Highlighting the threats, often well beyond the reality reflected in the numbers (perceptions, though wrong, and misconceptions, often manipulated, do count and should not be underestimated) , the populists create a situation of diffused fear and legitimate reactions of all kinds. In some cases, they reflect and amplify popular reactions. In fact, it cannot be denied that, often, the populists are indeed representative of a variety of attitudes, preconceptions, emotions on which they thrive and build additional consensus. Their speeches reflect what large sectors of the people feel and expresses. In any case, those speeches repeatedly provide justifications for all the actions and reactions of the populist leader’s followers. Violent words are not stones, but they may suggest that stones can be used for well-deserved punishments.
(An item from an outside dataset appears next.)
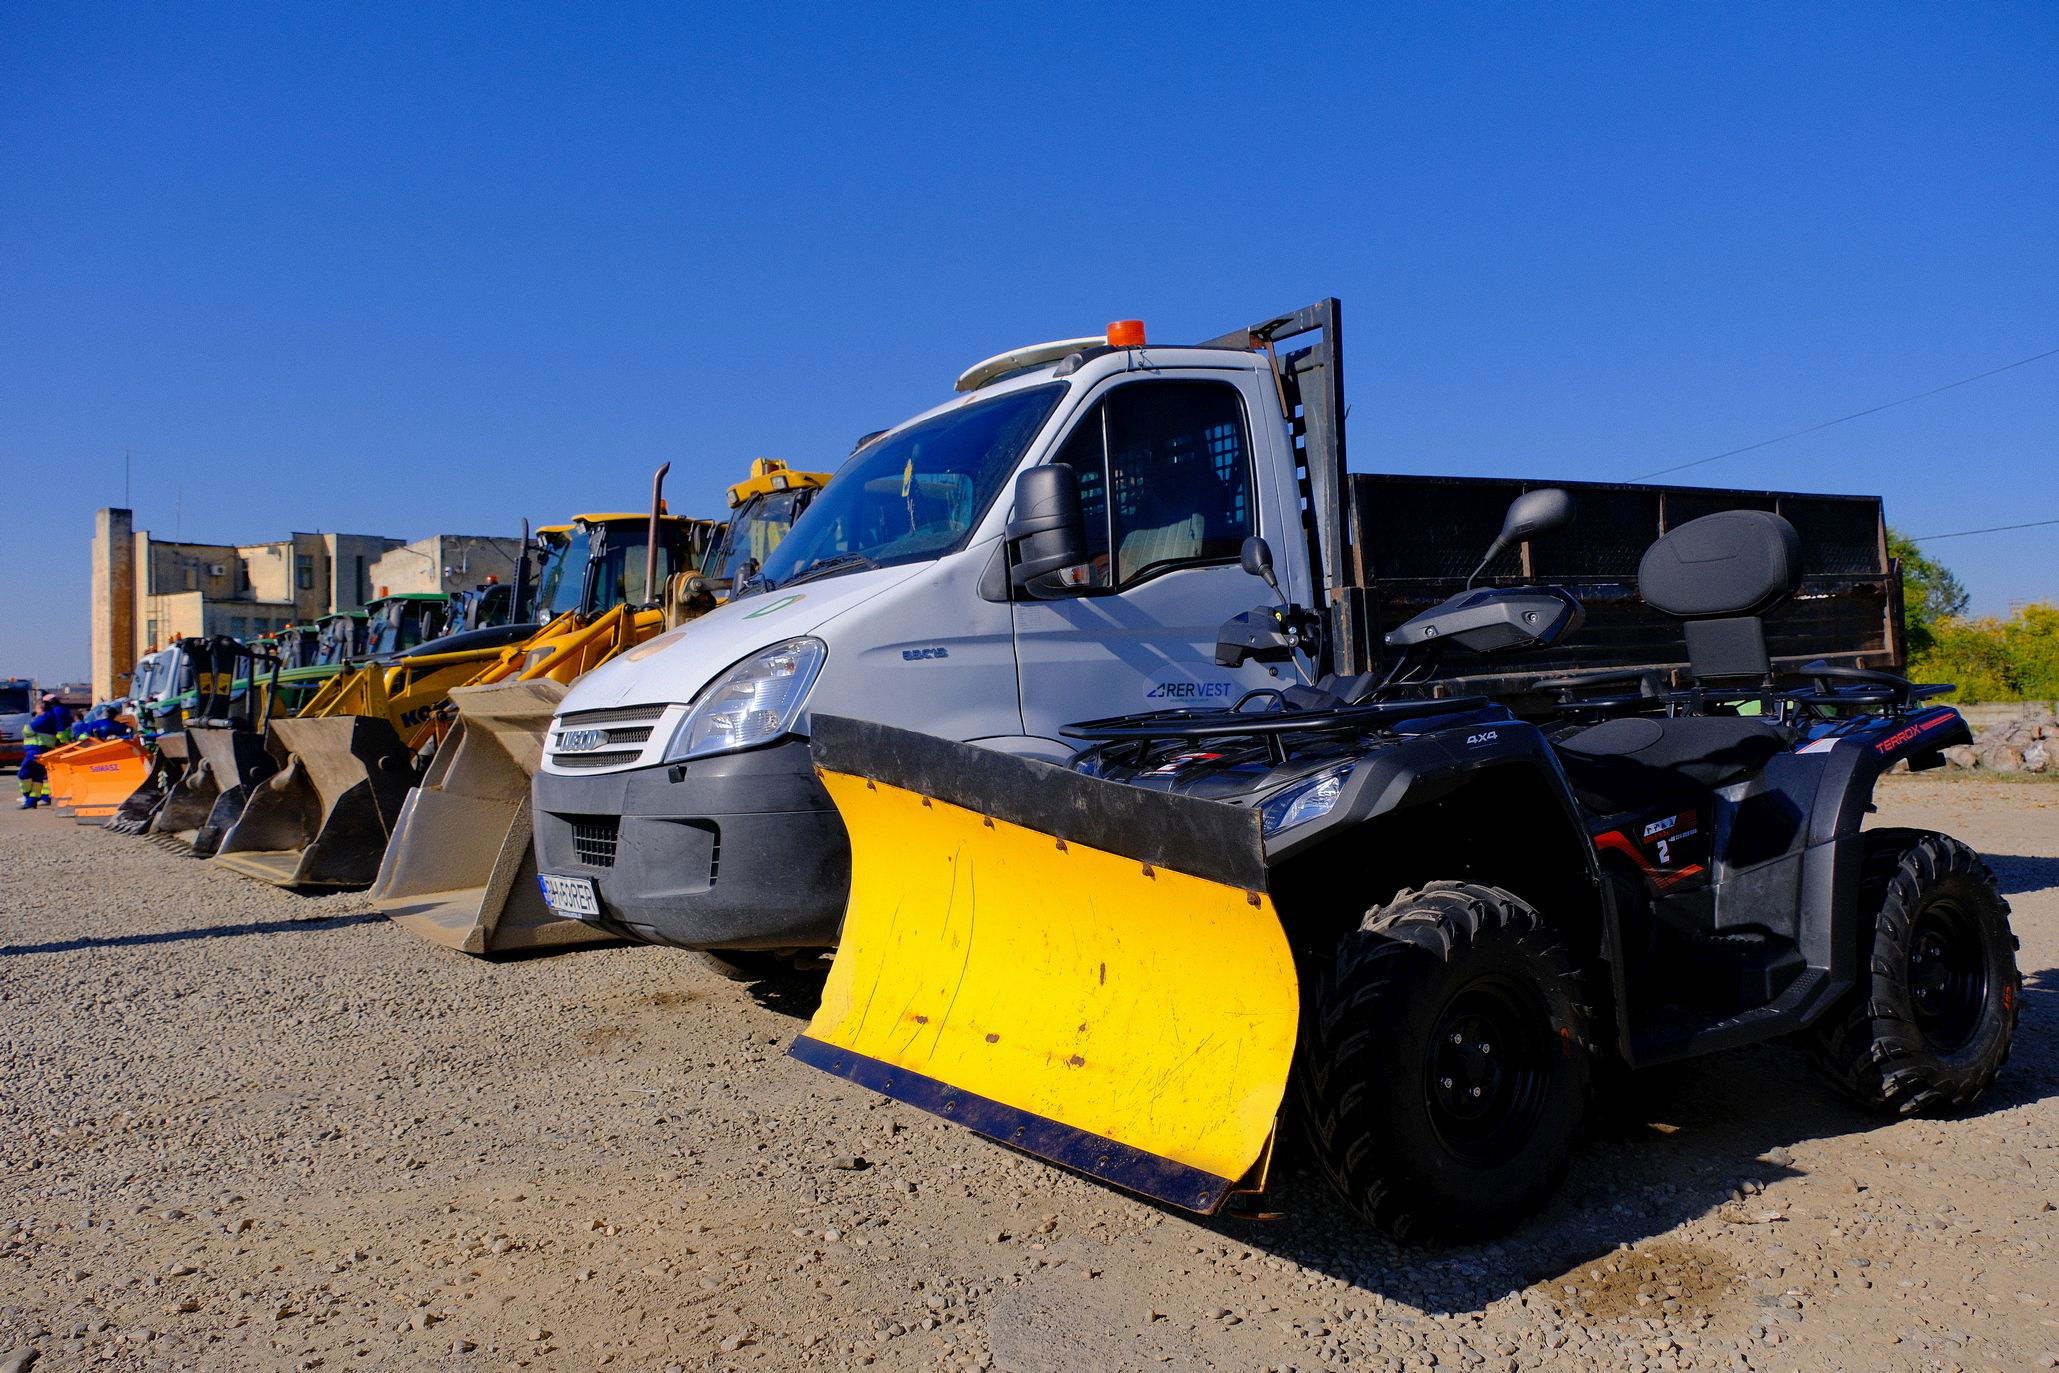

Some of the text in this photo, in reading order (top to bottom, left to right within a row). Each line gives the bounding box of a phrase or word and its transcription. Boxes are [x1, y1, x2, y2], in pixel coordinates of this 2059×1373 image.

Two types of stones have made their appearance in contexts in which populist sentiments are dense, deep, and widespread. There are stones thrown directly by the authorities themselves, for instance by the Hungarian Prime Minister Viktor Orbàn and, to a lesser, but incisive, extent by the Italian deputy-Prime Minister and Minister of the Interior Matteo Salvini, and stones thrown by isolated individuals who have become prey of the populist discourse and its not so hidden content.
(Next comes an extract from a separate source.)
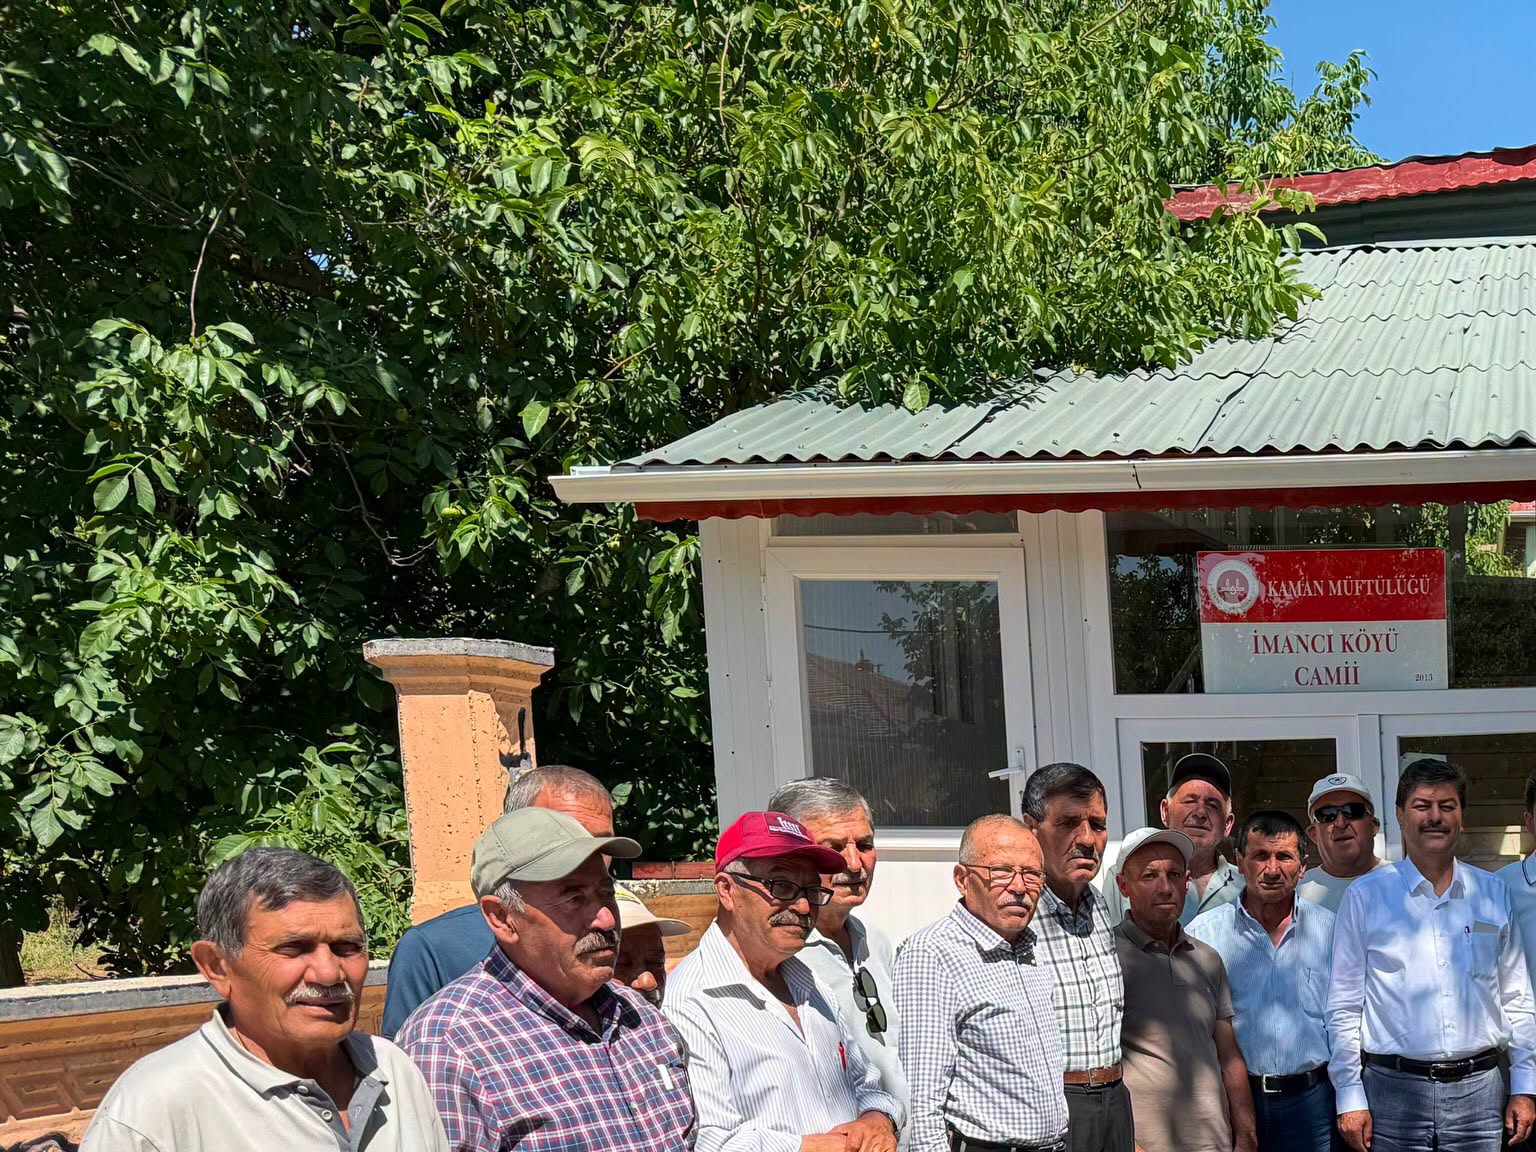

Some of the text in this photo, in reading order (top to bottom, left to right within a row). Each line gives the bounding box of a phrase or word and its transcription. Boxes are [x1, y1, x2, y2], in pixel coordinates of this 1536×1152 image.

In Italy there have been several instances of discrimination and violence against the migrants. Those instances have taken the form of blatant exploitation on the workplace and even of beatings and, much more rarely, killings. Even when, rarely, isolated (lone wolves), the perpetrators of violence against the migrants know that they will have the possibility to justify their actions pointing to the migrants’ previous behavior. They too have done so, that is, engaged in illegal forms of behavior. Moreover, it is their very presence that poses an unacceptable challenge to our (the citizens’) way of life. We, the people, are simply trying to defend ourselves. Contrary to the bankers, the journalists, the intellectuals, the establishment, we, the people, live side by side with the migrants. It is us who suffer all the negative consequences of a situation created or accepted by the elites who do not know what they are talking about. And who do not prove capable of facing and solving the problem by reaffirming the culture of the people. Once more, all these statements contain more than a grain of truth. The populist leader relies on these statements and sentiments and has no scruple in inviting in a more or less subtle way “his” people to react, if necessary, confronting violence with violence. Nevertheless, there is a good news in Italy. So far the judiciary has not wavered in implementing the law also against the populist rank-and- file. The words of the law have so far had the upper hand over the stones of the haters of the migrants.

 

*Emeritus Professor of Political Science, University of Bologna

 

  1. Jan-Werner Müller, What is Populism?; Philadelphia, University of Pennsylvania Press, provides an excellent, short and sharp, analysis of the phenomenon.
  2. The Italian case and its long roots are convincingly presented by Marco Tarchi, Italia populista. Dal qualunquismo a Beppe Grillo, Bologna, Il Mulino, 2015.